Here is the beginning of an old essay about crying, believe it or not. Doesn't have much to do with crying, does it?



Princeton is perfect in summer. Rows of trees stand tall, branches sheltering pedestrians from the hot Jersey sun. Hedges are clipped, fences neatly divide neighbor from neighbor, and the Doric columns on the porches give the whole place an imperial feel. Every homeowner ruler of his own little kingdom. Every child knows which Ivy League she wants to go to. Every bike is shiny and new. Our neighbors in the pink Victorian once tried to install a window air-conditioning, and within a day, the Historical Society called to inform them that they would need to take it down.

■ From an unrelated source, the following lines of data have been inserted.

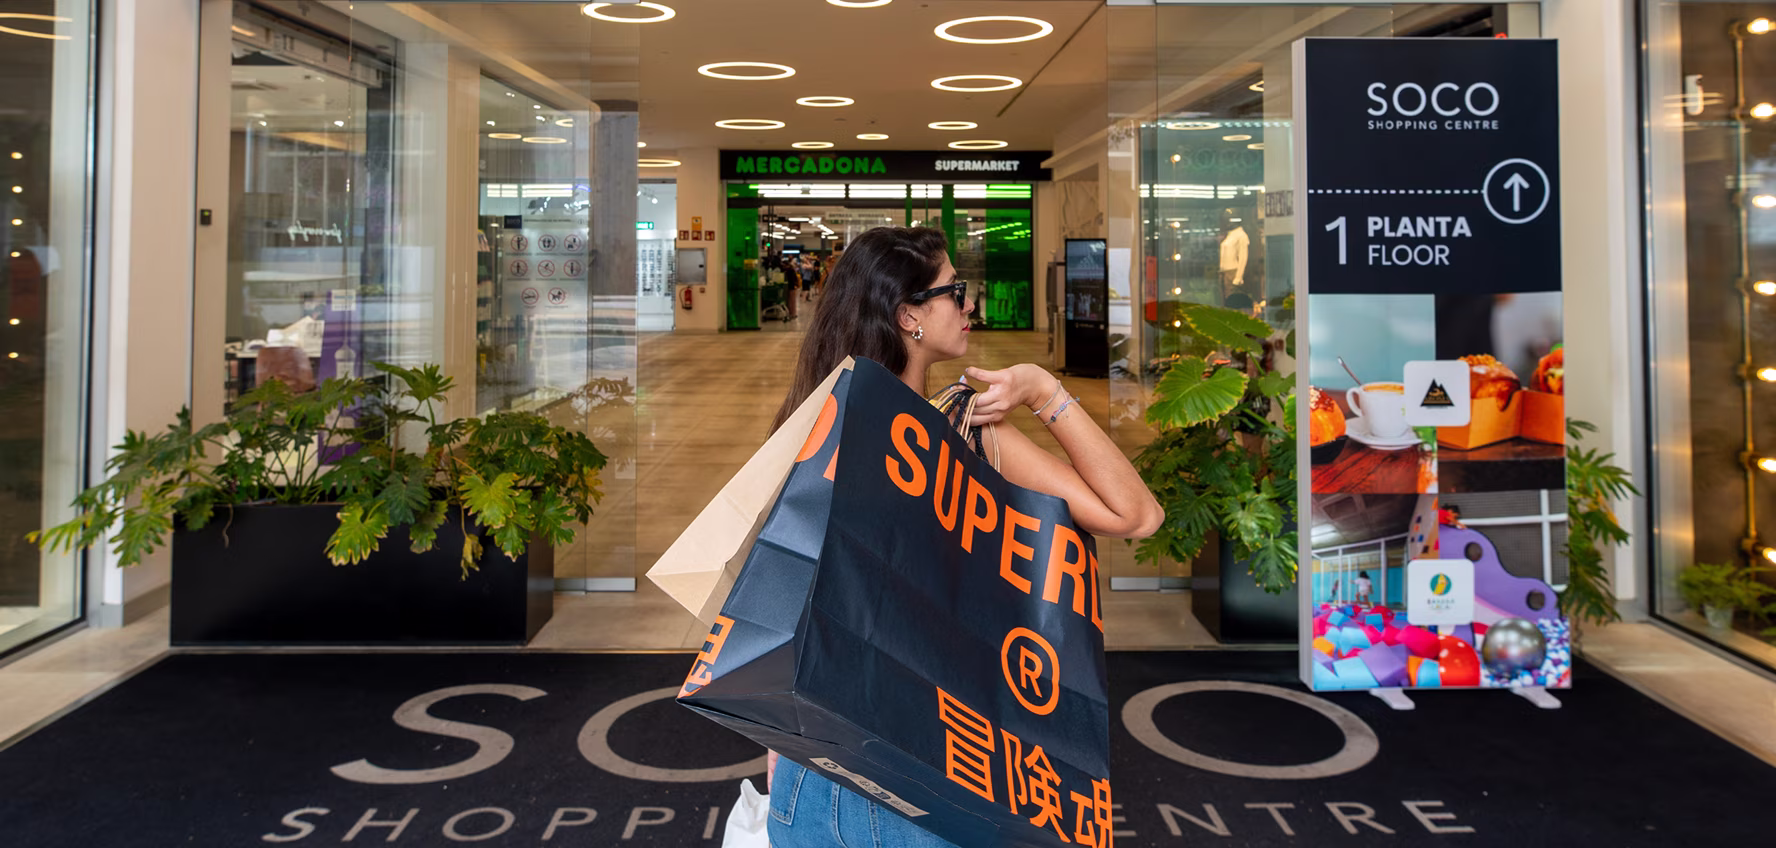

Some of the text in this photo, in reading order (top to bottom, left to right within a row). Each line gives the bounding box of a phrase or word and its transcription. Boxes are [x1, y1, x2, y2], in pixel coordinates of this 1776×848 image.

[1366, 82, 1500, 117] SOCO
[1367, 120, 1500, 131] SHOPPING CENTRE
[736, 156, 1020, 175] MERCADONA SUPERMARKET
[1367, 216, 1473, 238] PLANTA
[1325, 216, 1347, 265] 1
[1368, 244, 1451, 266] FLOOR
[261, 806, 720, 843] SHOPPI

Several forces invade the tranquility of this neighborhood. First, the ghosts. In one house owned by Princeton Seminary, the ghost of an ex-faculty wife rocks back and forth in her chair, weeping and muttering, wild in her grief. Another ghost hides out in the oldest house in Princeton, built in the seventeenth century. This ghost re-arranges the socks. The owner called in a priest to perform an exorcism, but it didn’t work. The ghost continues to have his way with her laundry.

Potholes are another force to be reckoned with. The roots of the trees run deep and break up the pavement. So all the Benzs and Audis pop hubcaps right and left as they drive. Some days, my sisters and I would find three or four in our yard in a single day. Property taxes are high, so the city can afford to re-pave the road often, but it doesn’t do much good. The roots are too unruly, and too deep down to tame.

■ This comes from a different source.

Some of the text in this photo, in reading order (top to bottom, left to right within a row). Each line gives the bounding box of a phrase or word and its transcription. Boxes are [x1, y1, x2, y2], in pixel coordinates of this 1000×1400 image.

Perhaps the two most disruptive influences are plagues of creatures. The first, cicadas, who every seventeen years, invade the town in great hordes. Individually, they are beautiful, with their amber carapaces and beady black eyes. Overall, their presence is fairly intense, actually alarming, like an Alfred Hitchcock movie. It is impossible to avoid stepping on them, and together, they hum loudly, a kind of eerie drone, a soundtrack to normal tasks like washing dishes. One never quite get used to it. Bob Dylan happened to be receiving an honorary doctorate from Princeton in a cicada year, and he was so shocked by their omminpresence, that he wrote a song about them. It’s called “Day of the Locust.”

And the locusts sang, well, it give me a chill,

Yeah, the locusts sang such a sweet melody.

And the locusts sang with a high whinin' trill,

Yeah, the locusts sang and they was singing for me . . .

The year of the locusts, my brother, who likes to buy crap off the Internet, made good use of his special-edition Lord of the Rings sword. He slayed his thousands upon thousands up in a tree. I like thinking about him up there, thrashing. “Yeah! Got one!” The boyish grin on his dirty, cherubic face, the bright sun catching his golden curls, and the insect blood and guts spurted everywhere.

The last, and the most disturbing plague, is the influx of deer. Deer are everywhere in Princeton. They chew flowers, they mar the lawns with their mangy rumps. They are skinny, ugly things, desperate for food. They are so weary and faint from hunger that they will walk out in front of cars without a second thought. In the second before you end their skinny lives, they look reproachfully at you with their large fawn eyes through the windshield, as if to say, “Why?”

In January of 2002, a State Superior Court judge blocked Princeton Township's deer-killing program, which included using high-powered rifles with silencers or catching deer with nets and firing bolts into their heads. Officials had hoped to use some 400 deer for food. Animal rights advocates asked for a restraining order on the grounds that these measures were dangerous and cruel.

Ghosts. Tree roots. Cicadas. Deer and their mournful brown eyes. In small ways, these disruptive visitors, thes inconviences reminded us that for all our money and authority, we were not all-powerful. That we could not control our lives. That chaos lurked underneath the semblance of order.